ASSIGNMENT: From the first line to the last, set down the material exactly, leaving out its pictures.

########################################

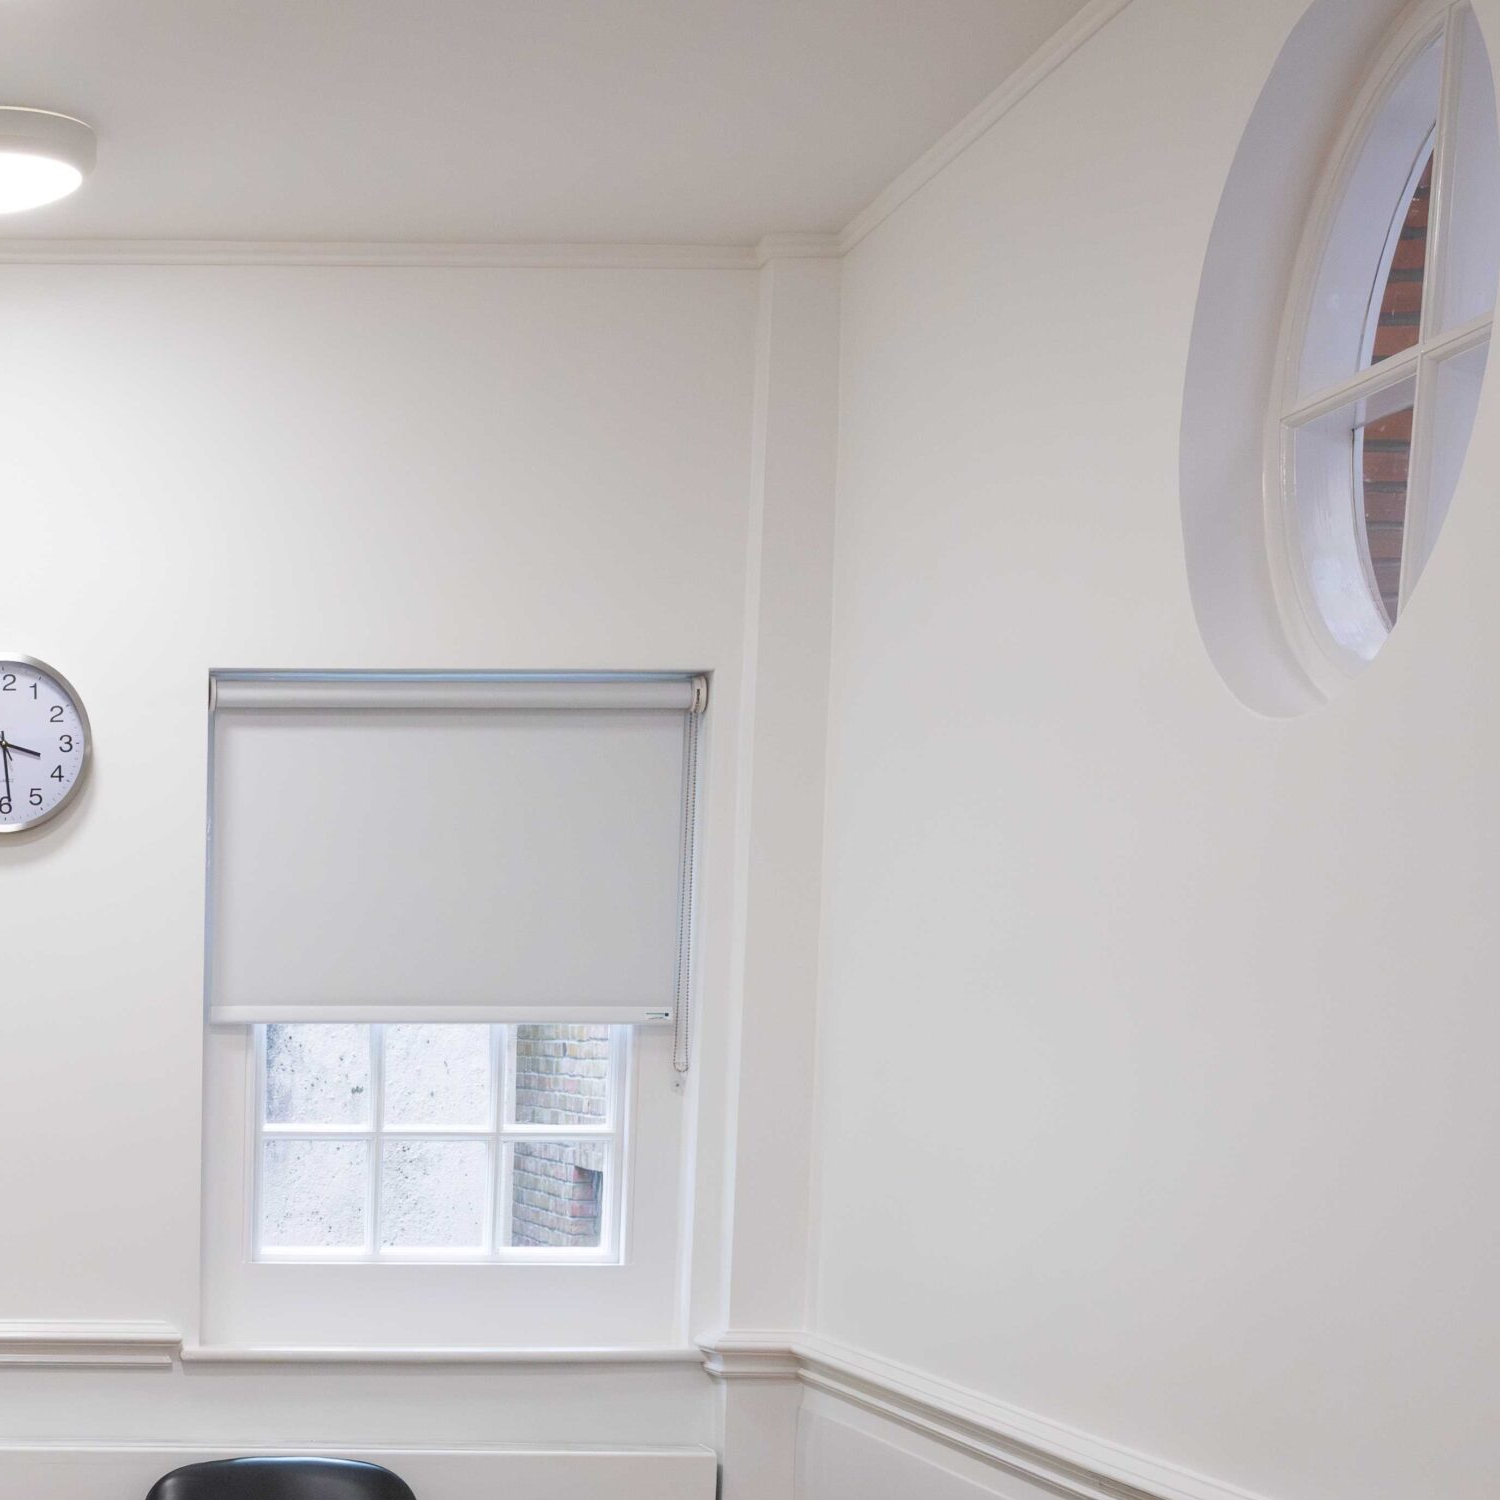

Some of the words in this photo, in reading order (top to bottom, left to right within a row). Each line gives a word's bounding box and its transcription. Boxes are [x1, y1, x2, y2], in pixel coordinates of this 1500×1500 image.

[30, 683, 38, 700] 1
[50, 706, 64, 722] 2
[59, 734, 73, 752] 3
[50, 765, 64, 782] 4
[29, 788, 42, 805] 5
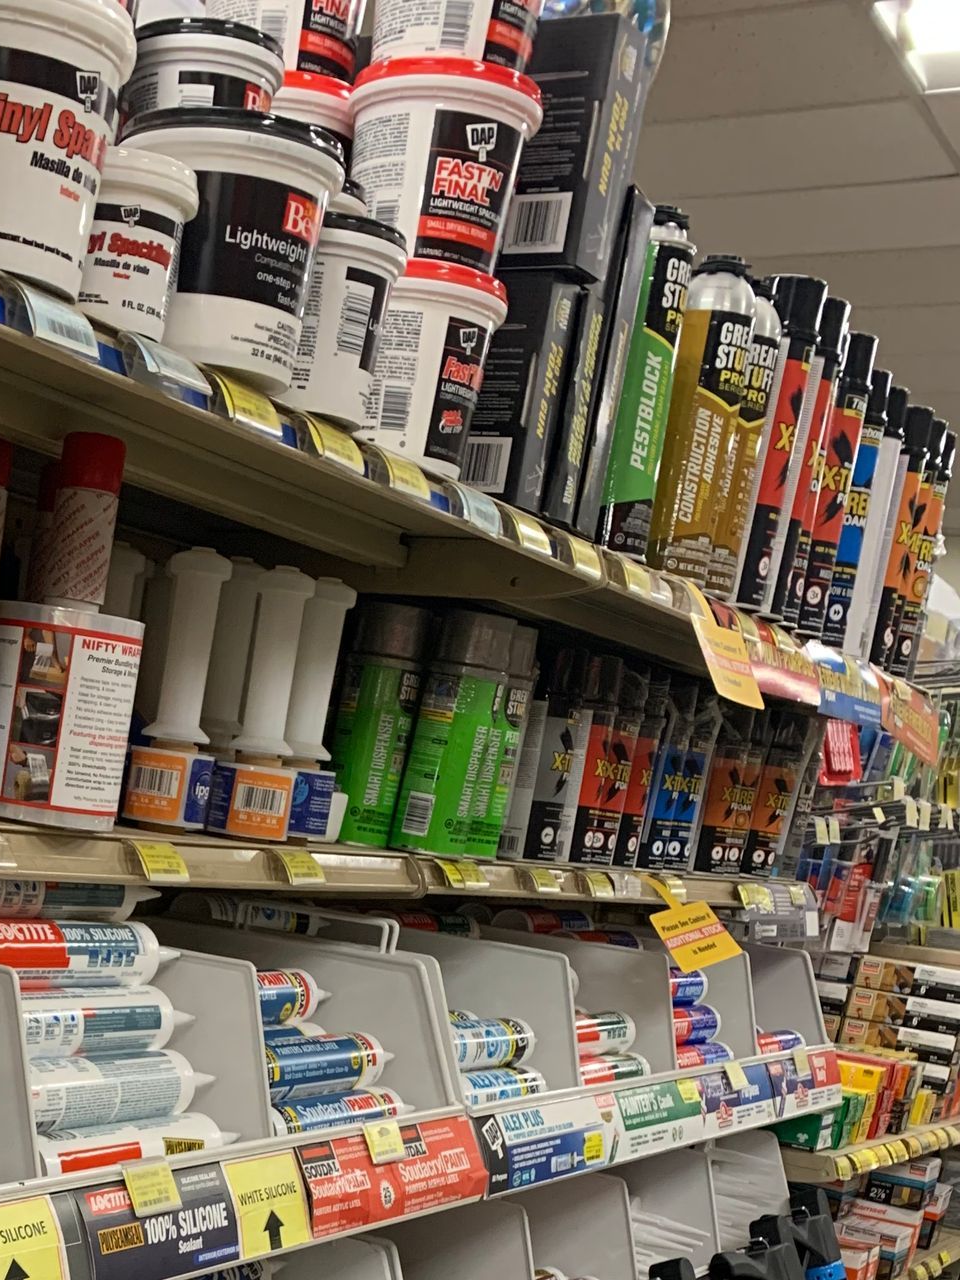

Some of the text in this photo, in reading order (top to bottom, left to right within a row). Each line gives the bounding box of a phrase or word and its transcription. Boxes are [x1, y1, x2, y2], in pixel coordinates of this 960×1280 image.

[471, 127, 495, 145] DAP
[30, 151, 83, 184] Masilla de
[437, 156, 503, 189] FAST'N
[432, 178, 491, 205] FINAL
[430, 197, 477, 217] LIGHTWEIGHT
[224, 223, 308, 264] Lightweight
[256, 271, 292, 291] one-step
[462, 329, 478, 345] DAP
[629, 349, 663, 471] PESTBLOCK
[702, 413, 725, 483] ADHESIVE
[678, 406, 711, 525] CONSTRUCTION
[81, 639, 117, 655] NIFTY
[87, 654, 114, 667] Premier
[363, 714, 395, 806] SMART DISPENSER
[466, 726, 488, 781] DISPENSER
[63, 927, 90, 943] 100%
[91, 928, 134, 941] SILICONE
[661, 924, 679, 932] Please
[698, 943, 717, 953] Needed
[260, 972, 289, 987] PAINT
[301, 1095, 376, 1123] Soudacryl PAINT
[501, 1109, 545, 1133] ALEX PLUS
[304, 1162, 340, 1179] SOUDAL
[443, 1149, 471, 1170] PAINT
[238, 1181, 297, 1207] WHITE SILICONE
[1, 1220, 47, 1246] SILICONE
[144, 1203, 229, 1245] 100% SILICONE

########################################

COMPLETED TASK:
Some of the words in this photo, in reading order (top to bottom, left to right within a row). Each line gives a word's bounding box and its transcription. Boxes are [x1, y1, x2, y2], in pixel coordinates of this 1500×1500 image.

[30, 683, 38, 700] 1
[50, 706, 64, 722] 2
[59, 734, 73, 752] 3
[50, 765, 64, 782] 4
[29, 788, 42, 805] 5

Some of the text in this photo, in reading order (top to bottom, left to right within a row). Each line gives the bounding box of a phrase or word and its transcription. Boxes are [x1, y1, x2, y2], in pixel coordinates of this 960×1280 image.

[471, 127, 495, 145] DAP
[30, 151, 83, 184] Masilla de
[437, 156, 503, 189] FAST'N
[432, 178, 491, 205] FINAL
[430, 197, 477, 217] LIGHTWEIGHT
[224, 223, 308, 264] Lightweight
[256, 271, 292, 291] one-step
[462, 329, 478, 345] DAP
[629, 349, 663, 471] PESTBLOCK
[702, 413, 725, 483] ADHESIVE
[678, 406, 711, 525] CONSTRUCTION
[81, 639, 117, 655] NIFTY
[87, 654, 114, 667] Premier
[363, 714, 395, 806] SMART DISPENSER
[466, 726, 488, 781] DISPENSER
[63, 927, 90, 943] 100%
[91, 928, 134, 941] SILICONE
[661, 924, 679, 932] Please
[698, 943, 717, 953] Needed
[260, 972, 289, 987] PAINT
[301, 1095, 376, 1123] Soudacryl PAINT
[501, 1109, 545, 1133] ALEX PLUS
[304, 1162, 340, 1179] SOUDAL
[443, 1149, 471, 1170] PAINT
[238, 1181, 297, 1207] WHITE SILICONE
[1, 1220, 47, 1246] SILICONE
[144, 1203, 229, 1245] 100% SILICONE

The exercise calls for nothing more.